Before the trial, the defense sought to narrow the case. At a preliminary hearing, attorney Eugene Gibbons said there was no sign of yelling, a domestic dispute or a fight inside the apartment before Bell was shot. He said the record did not support an inference of premeditation. Assistant District Attorney Danielle Gallaher answered that the physical scene did not look like an accident. Gallaher said that if Bell had been shot by mistake, officers would have found the gun next to her, not missing from the spot where trained investigators searched. A judge allowed the case to continue, and the jury later chose third-degree murder.

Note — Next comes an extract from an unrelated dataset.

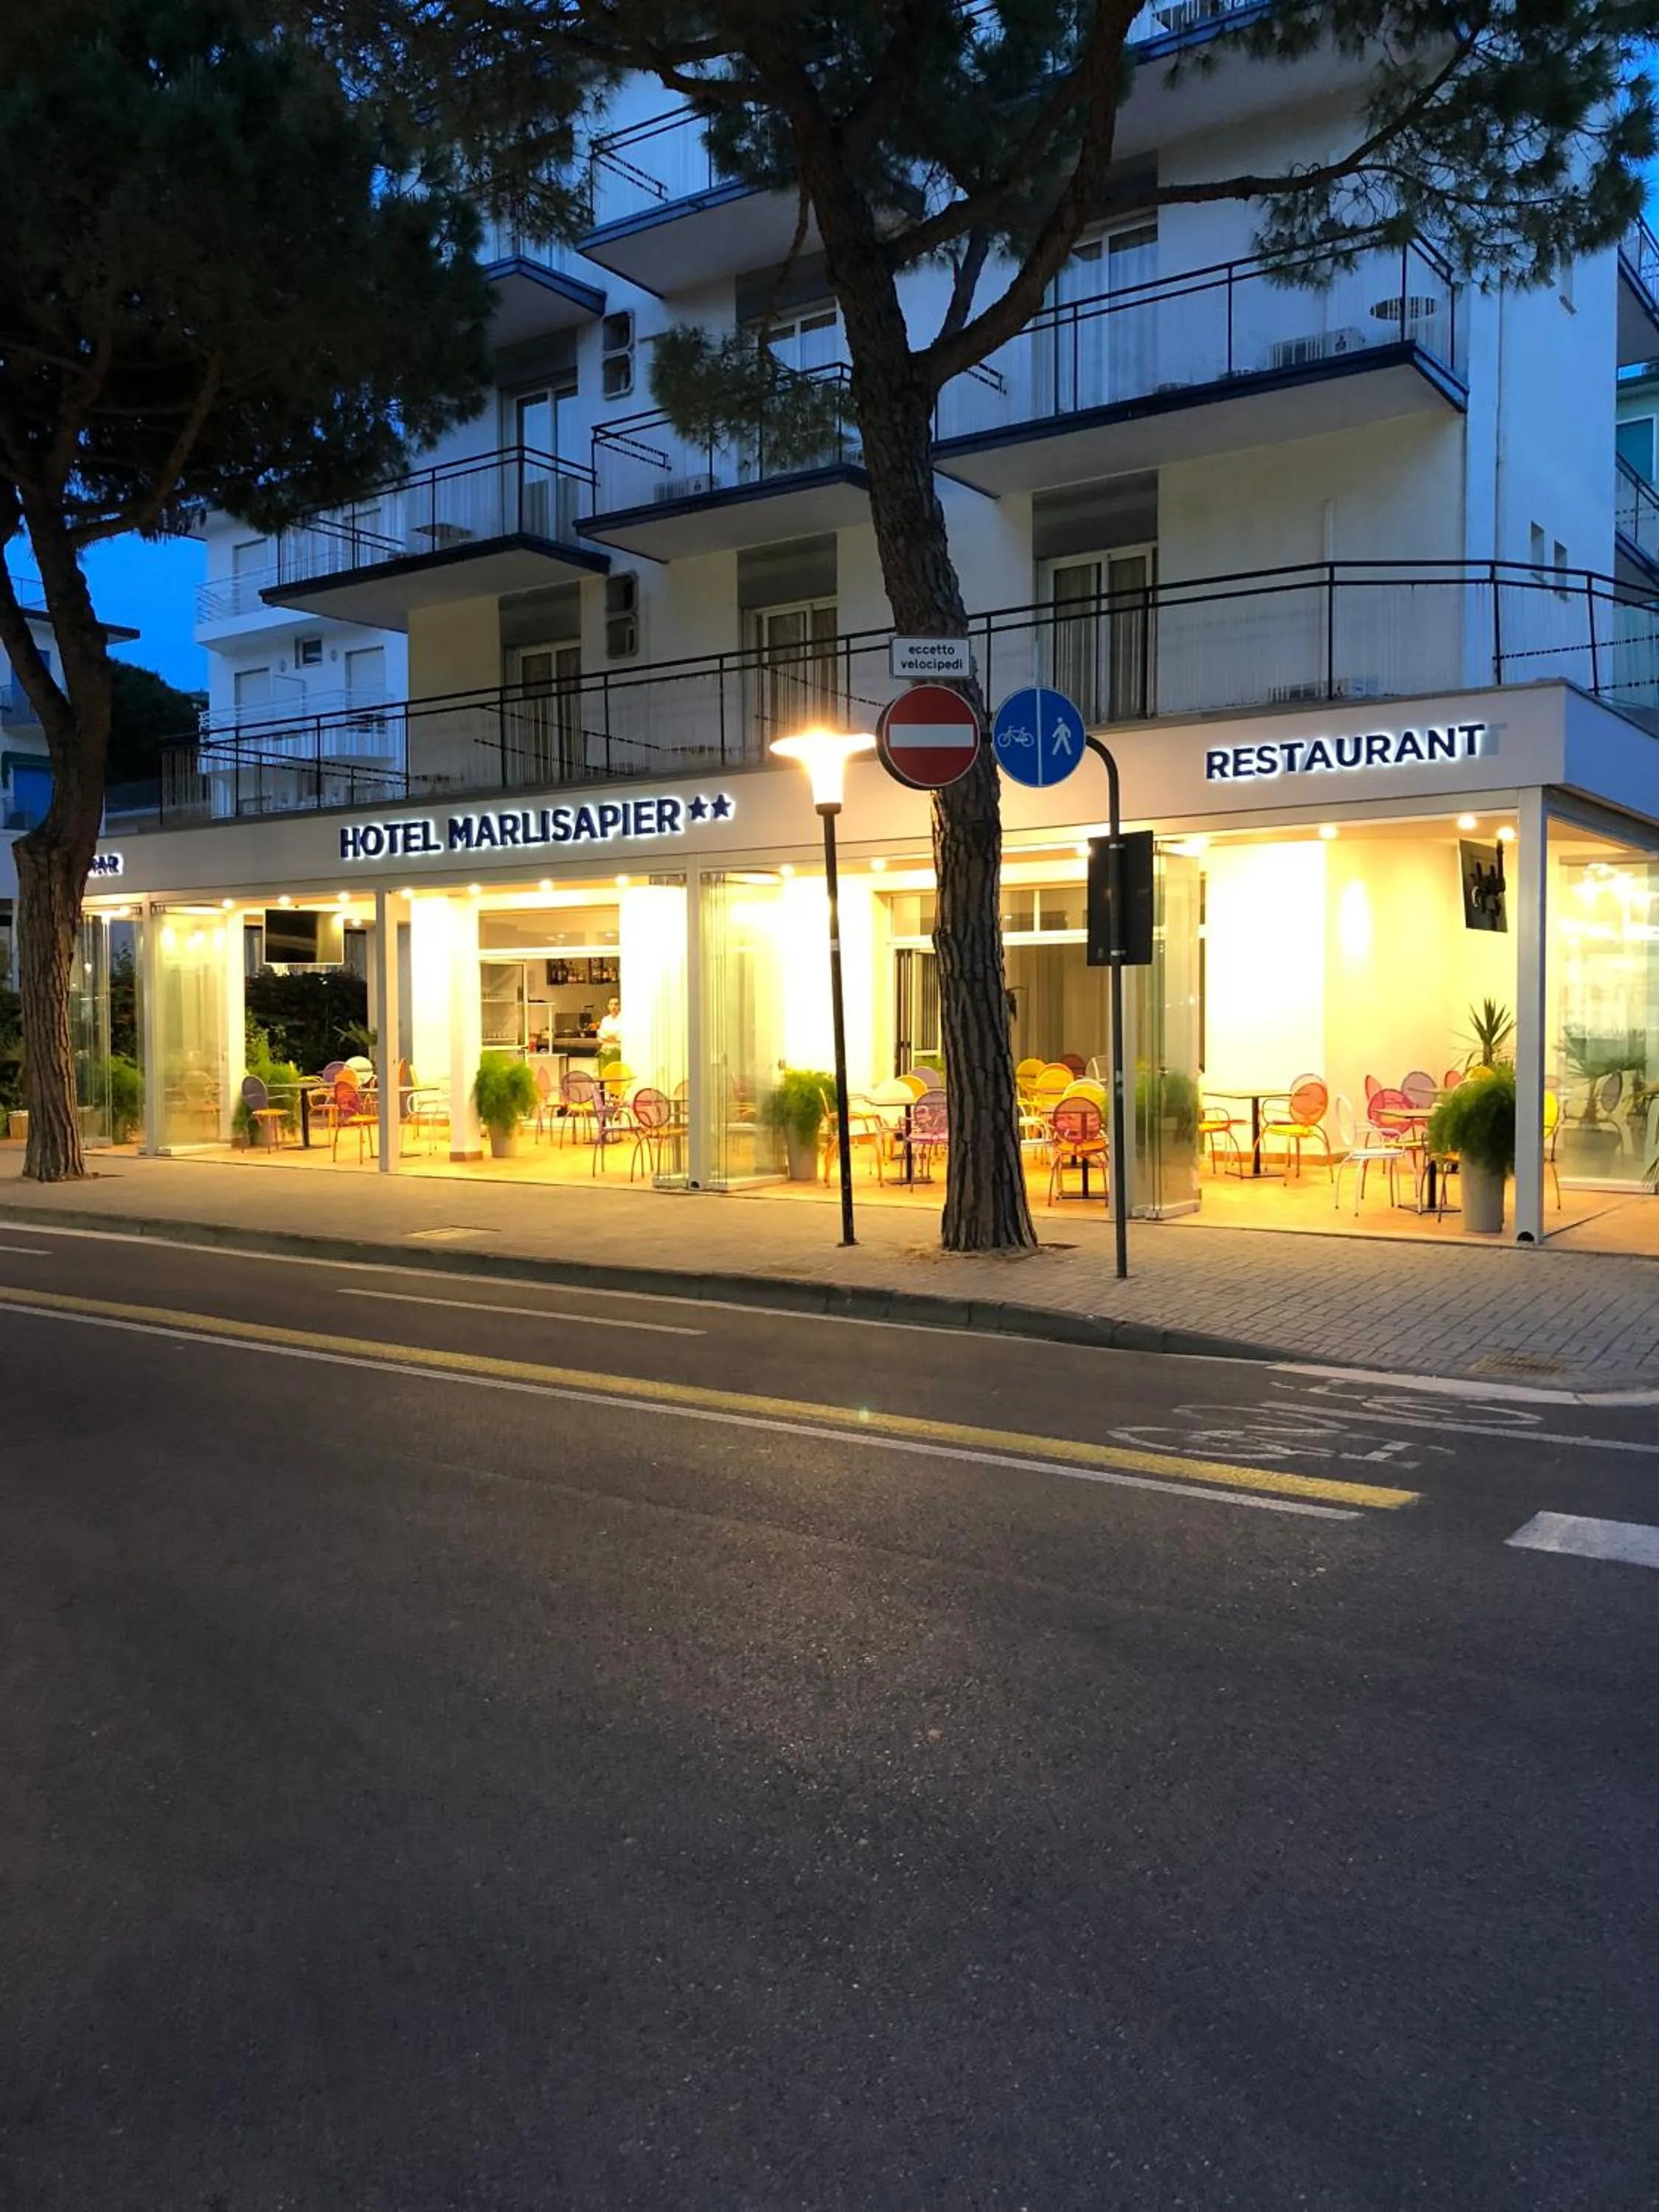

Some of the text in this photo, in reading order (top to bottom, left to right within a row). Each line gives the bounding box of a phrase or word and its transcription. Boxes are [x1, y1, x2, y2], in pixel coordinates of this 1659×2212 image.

The sentencing hearing focused heavily on what Bell’s family lost and what Miracle now requires. Delaware County Court of Common Pleas Judge Margaret Amoroso addressed Tylicia Bell by name and spoke about the limits of the courtroom. “I wish I had the power to bring Tanyiah back, and if I could, Tylicia, I would,” Amoroso said. “I see your pain, I do. I see it, but I can’t imagine it.” The sentence of 22 to 44 years means Williams will be in prison through much of Miracle’s childhood and possibly well into her adulthood, depending on parole decisions.

Relatives have said Miracle has made progress despite the early prognosis. She still needs machines to live and requires near-constant attention, but her family said she has moved her arms, legs and head. Tylicia Bell has described mixed emotions while caring for her granddaughter. She said frustration and rage sometimes surface because Miracle reminds her of Williams and the shooting, but caring for the child also brings thoughts of Tanyiah and what she would have wanted. For Bell’s family, that care has become a daily reminder of both the killing and the life that survived it.

Currently, Williams’ conviction leaves the case in the post-sentencing stage. Any appeal would address legal issues from the trial or sentencing, not the basic fact that a Delaware County jury found him guilty. Bell’s relatives continue to raise Miracle while the criminal sentence begins.

Author note: Last updated June 20, 2026.